Apart from the pictures, every line below is to be set down exactly.

[Start of section]

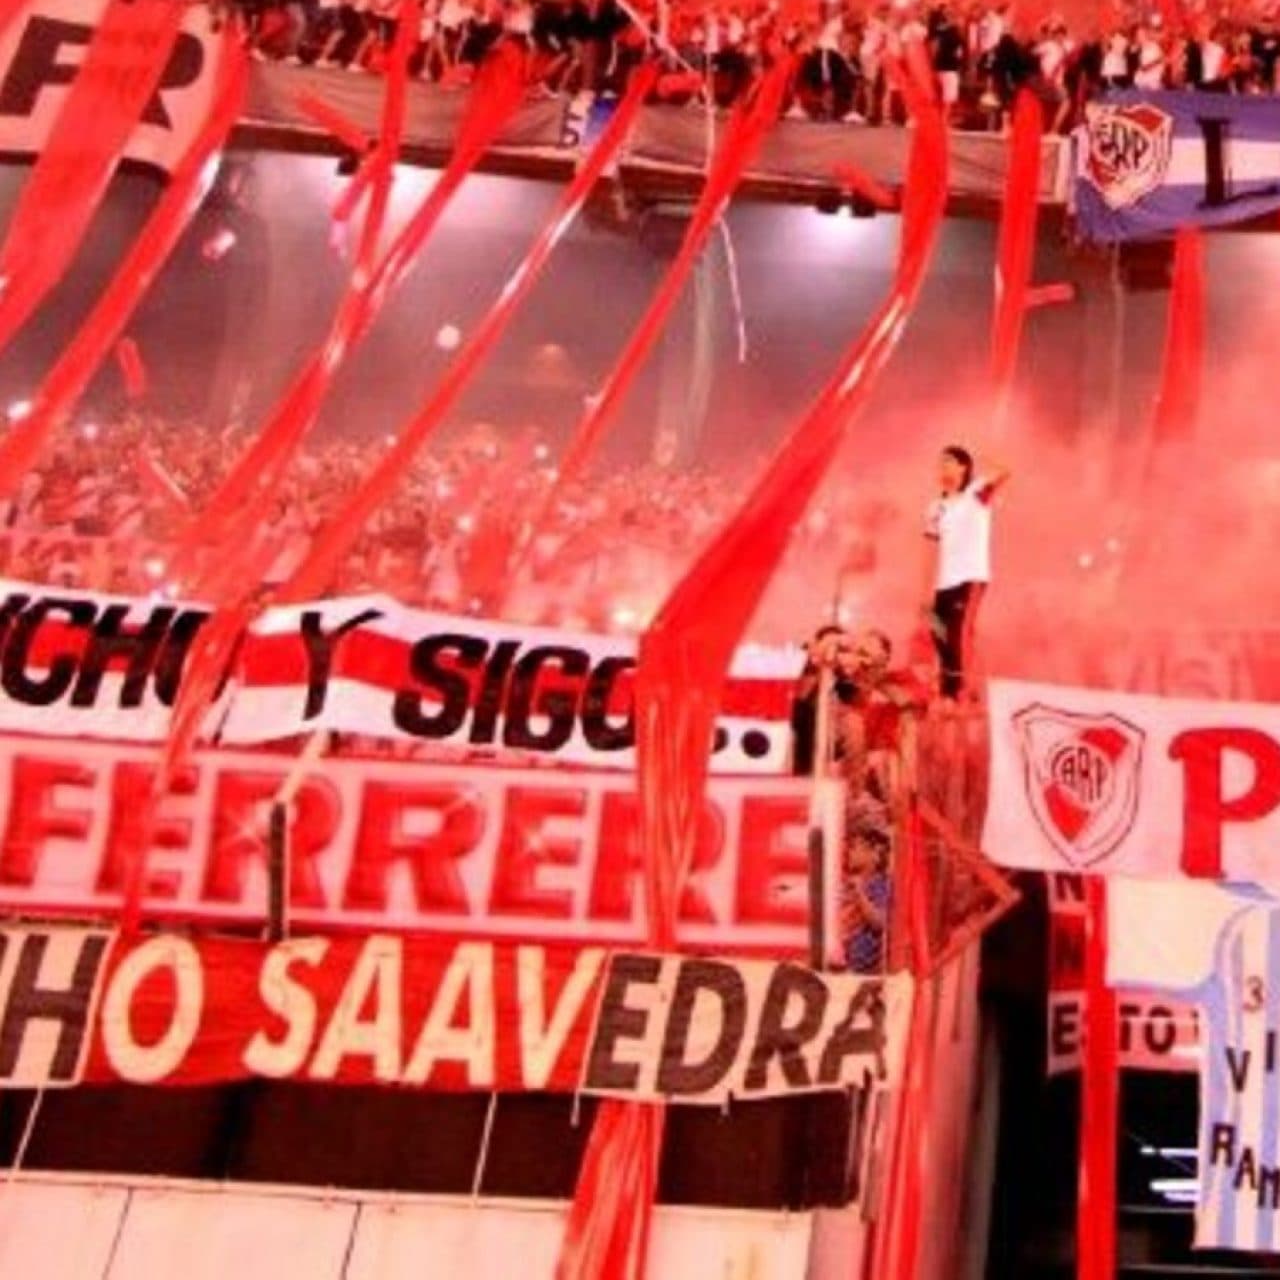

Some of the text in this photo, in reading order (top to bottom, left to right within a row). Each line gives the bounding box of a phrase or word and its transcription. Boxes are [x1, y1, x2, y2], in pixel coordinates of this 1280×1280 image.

[300, 610, 385, 722] Y
[0, 932, 890, 1096] HO SAAVEDRA
[1053, 1002, 1176, 1057] ETO
[1242, 975, 1265, 1013] 3

[End of section]

* _ANSWER SECTION_:
Some of the text in this photo, in reading order (top to bottom, left to right within a row). Each line gives the bounding box of a phrase or word and its transcription. Boxes are [x1, y1, x2, y2], in pixel coordinates of this 1280×1280 image.

[300, 610, 385, 722] Y
[0, 932, 890, 1096] HO SAAVEDRA
[1053, 1002, 1176, 1057] ETO
[1242, 975, 1265, 1013] 3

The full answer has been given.